O’Callaghan savours a different kind of championship celebration

by Stephen Findlater

There may not have been the post-match razzamatazz but Con O’Callaghan says celebrating December’s All-Ireland senior football championship win was a “unique” and “special” experience.

The Cuala man was named PwC GAA/GPA Player of the Month for his efforts with his first half goal a crucial factor for the boys in blue beating Mayo to secure their sixth successive title.

But Sam Maguire stayed in Croke Park as part of the Covid-19 restrictions while mass gatherings were set aside in place of smaller, more personal get-togethers to toast the victory.

“It was strange,” he said on Wednesday at the announcement of the award. “We spent an hour or so in the dressing rooms afterwards [as a team]. A couple of lads had to get [drug] tested and we had some fun there.

“But after that, we went back to the Gibson Hotel where we had parked and then went home to the family. Normally, there is a load of chaos, there’s friends, family, media – a huge gig, bright lights, a bit crazy and good fun.

“But you could appreciate it on a different level and share it with those closest to you. I went straight home to my parents who were sad they couldn’t get into the match but obviously delighted.

“It was unique – we would have liked the big event but there is something more important at play and it was special to share those moments with those closest to you.

“It very much did still feel like an All-Ireland. There wasn’t that massive buzz the morning after when you usually head to the children’s hospital and then, maybe, to the Boar’s Head with 1,000s of fans on the street and great craic. We had to celebrate in a different way.”

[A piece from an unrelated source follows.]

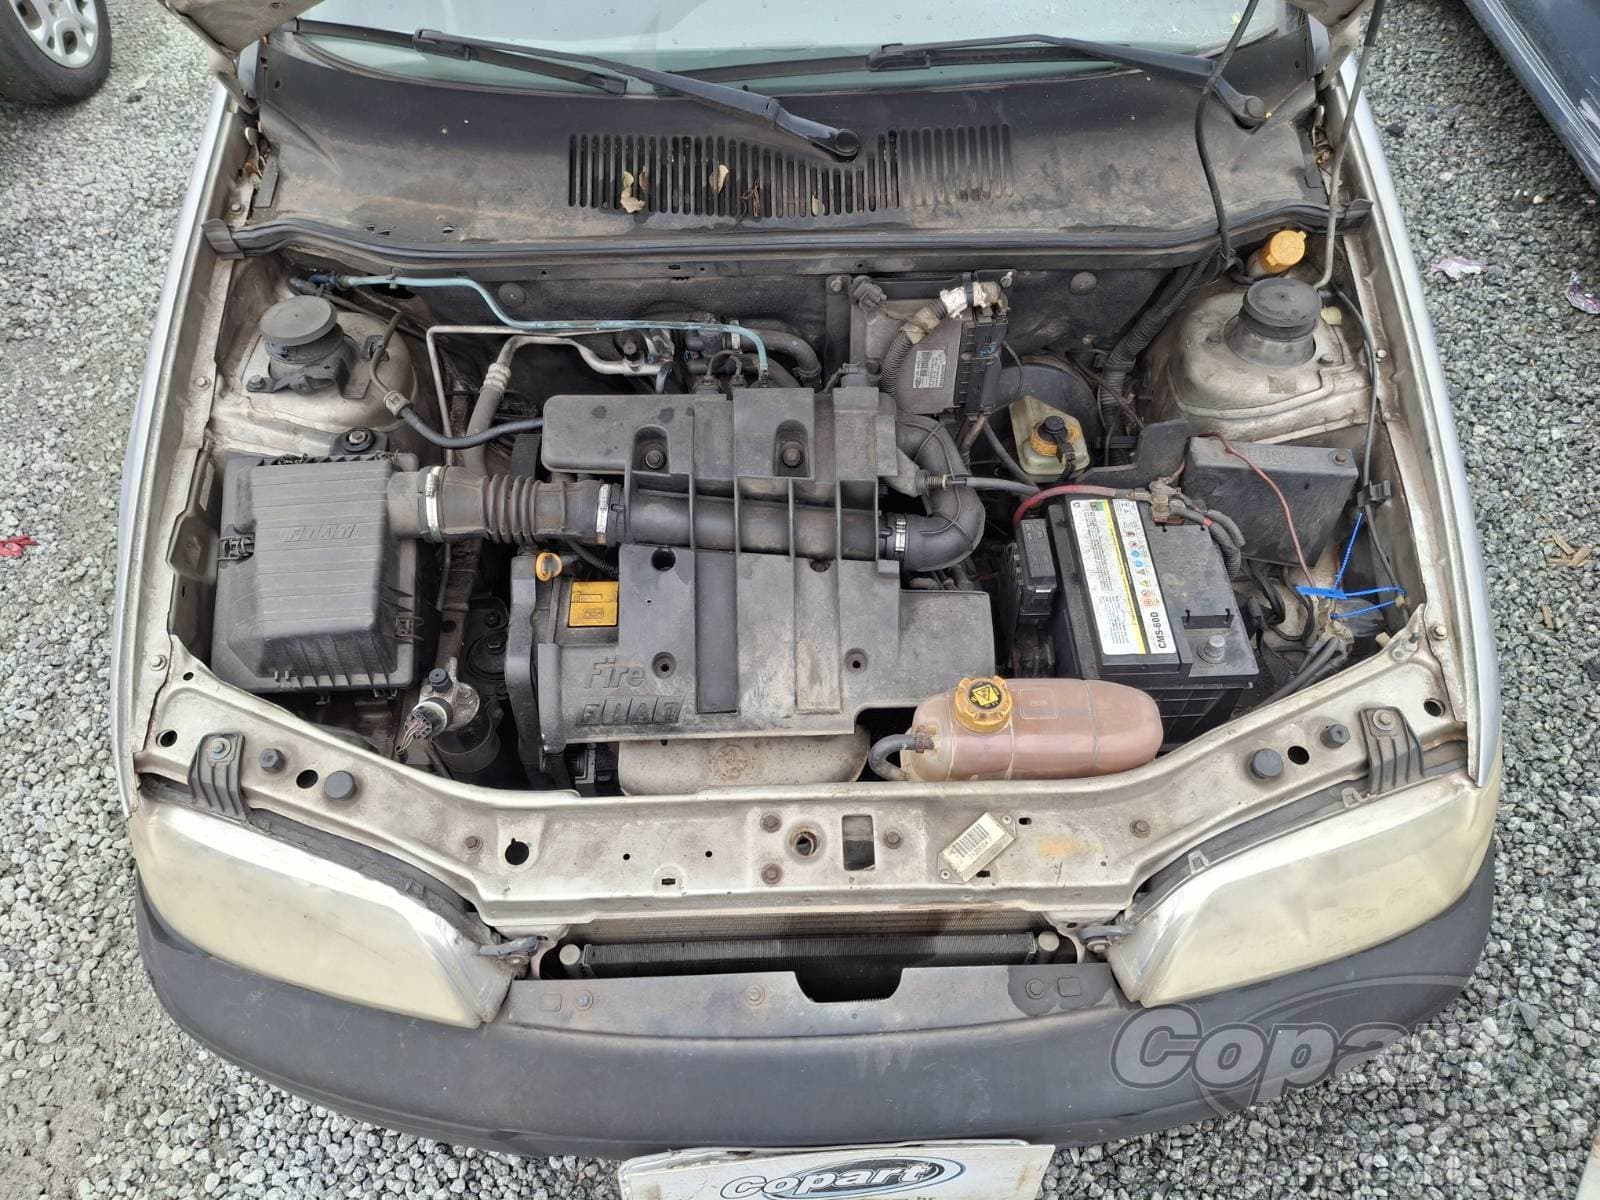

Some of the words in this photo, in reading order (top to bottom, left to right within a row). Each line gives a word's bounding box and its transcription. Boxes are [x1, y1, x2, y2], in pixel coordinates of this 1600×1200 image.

[283, 522, 357, 542] FIAT
[584, 655, 646, 690] Fire
[577, 696, 685, 725] FIAT

As for his role in the final, O’Callaghan admitted his mixed performance in the early stages of the game was indicative of the teams difficulties as Mayo caused plenty of kick-out turbulence.

“Whenever we play Mayo, we seem to have these titanic battles. Beforehand, we try to identify areas to exploit and say you don’t want too many turnovers.

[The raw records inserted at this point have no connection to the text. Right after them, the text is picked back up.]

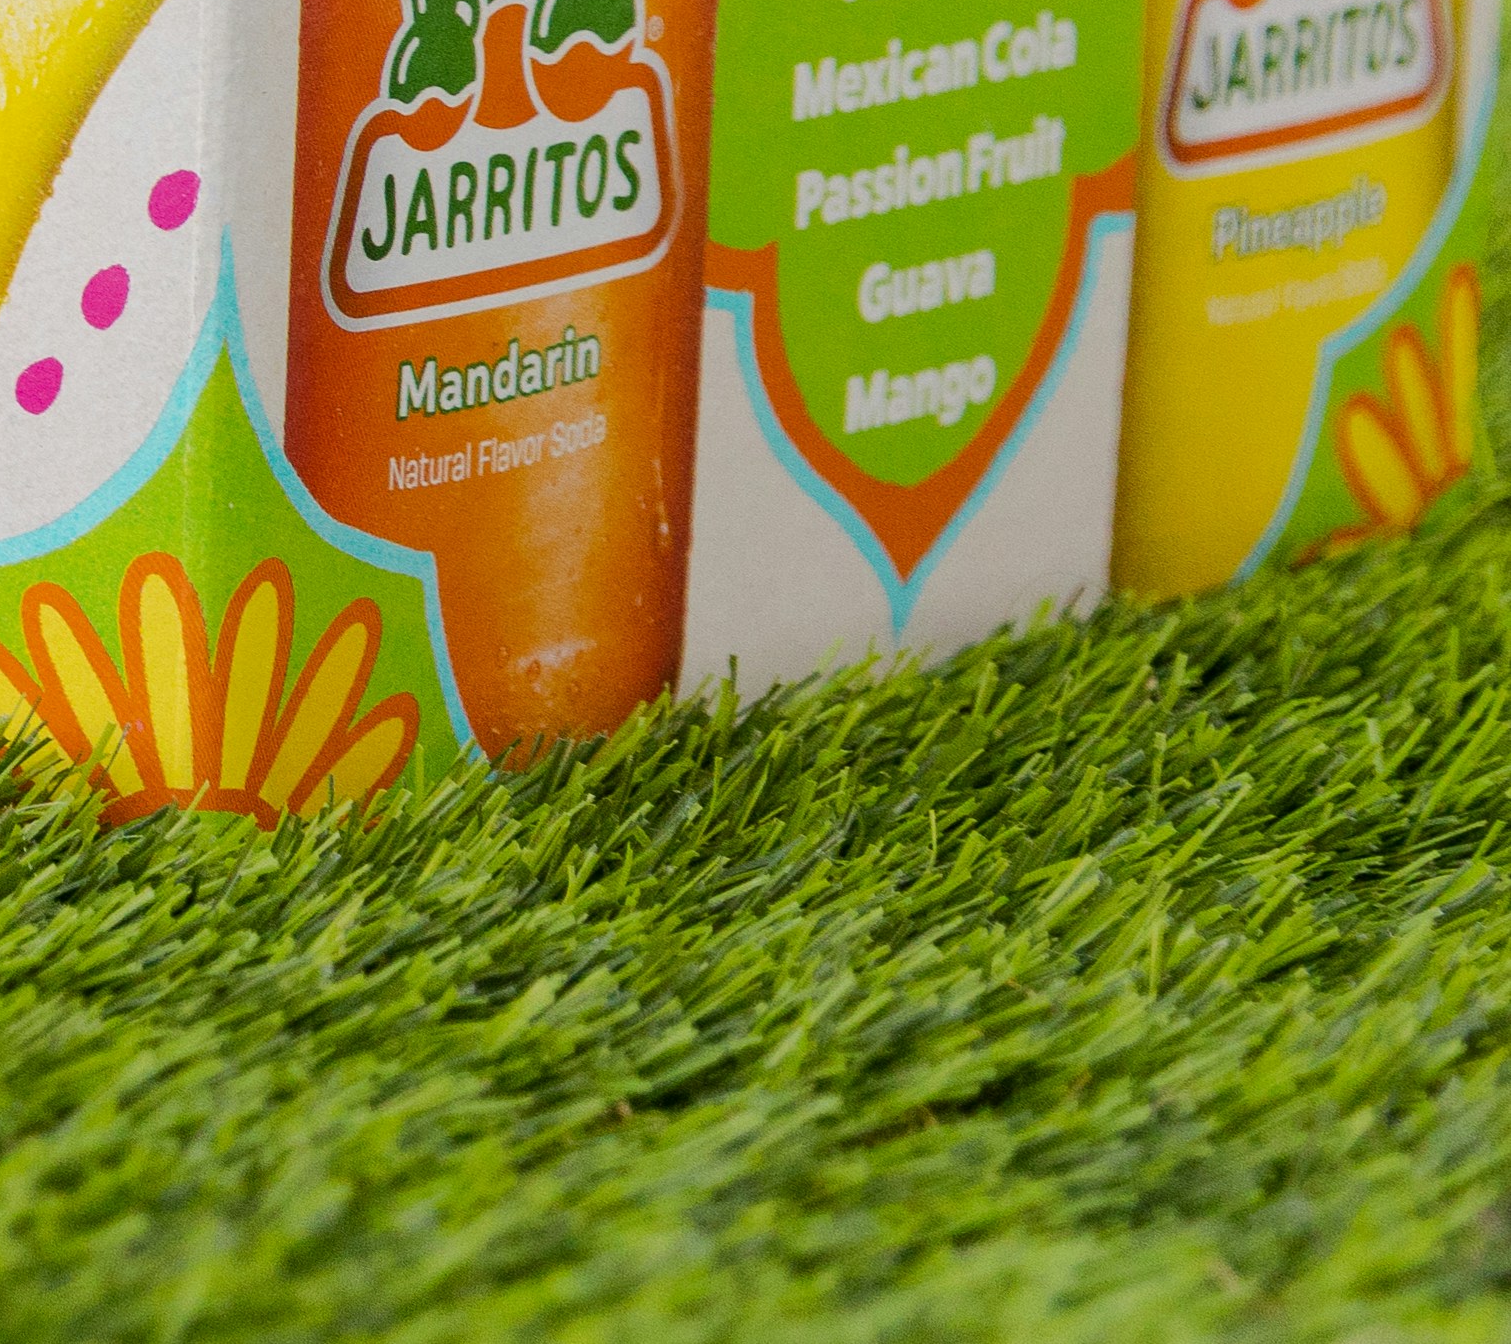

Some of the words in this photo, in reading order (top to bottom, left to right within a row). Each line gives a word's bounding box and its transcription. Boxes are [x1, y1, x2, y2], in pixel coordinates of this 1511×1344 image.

[791, 40, 979, 121] Mexican
[983, 13, 1077, 87] Cola
[362, 130, 640, 263] JARRITOS
[795, 140, 965, 229] Passion
[966, 115, 1066, 185] Fruit
[858, 247, 995, 323] Guava
[396, 324, 600, 421] Mandarin
[844, 349, 995, 435] Mango
[388, 442, 472, 490] Natural
[478, 433, 546, 477] Flavor
[550, 407, 606, 458] Soda

“But it is very different in the white heat of battle, when you have a lad up your arse chasing you, pushing you, harassing you. It’s a kind of intensity you can’t really appreciate from just watching and analysing them.

“[On video] you wonder ‘how did that fella make that mistake?’ That was easy handpass or whatever. But when you are in there, you are wrecked and have no options, it’s a different thing. I, personally, had a slow enough start.

“Oisin Mullin picked me up and got a few kick-outs early on. I was thinking ‘jeez, not much is happening for me, here’. I had a shot on goal that I could have taken an easy point but tried to force it.

“That was an example of what was happening for the entire team, probably not making the best decisions. You have to ride that wave and when you do get a purple patch, really go for it.”

Photo by Sam Barnes/Sportsfile

He now has a bit of time to reflect on another title, doing some physical training in the family shed at the back of the garden but not much more.

However, if the championship does get to start on time in the spring – as currently scheduled – he reckons most will be raring to go for another championship campaign before reverting back to club action after July.

“Going forward, I would be in favour of the split season. It is fairer for all involved in club and county. It gives people a break and a defined picture of when they have to be ready.

“Whether it will or won’t happen, we will be guided by the restrictions but I think the lads will be happy to be rolling on. The teams who didn’t do well will obviously be mad keen to have another go. For most parties, they probably want a few weeks training before starting up again but most will be happy enough.”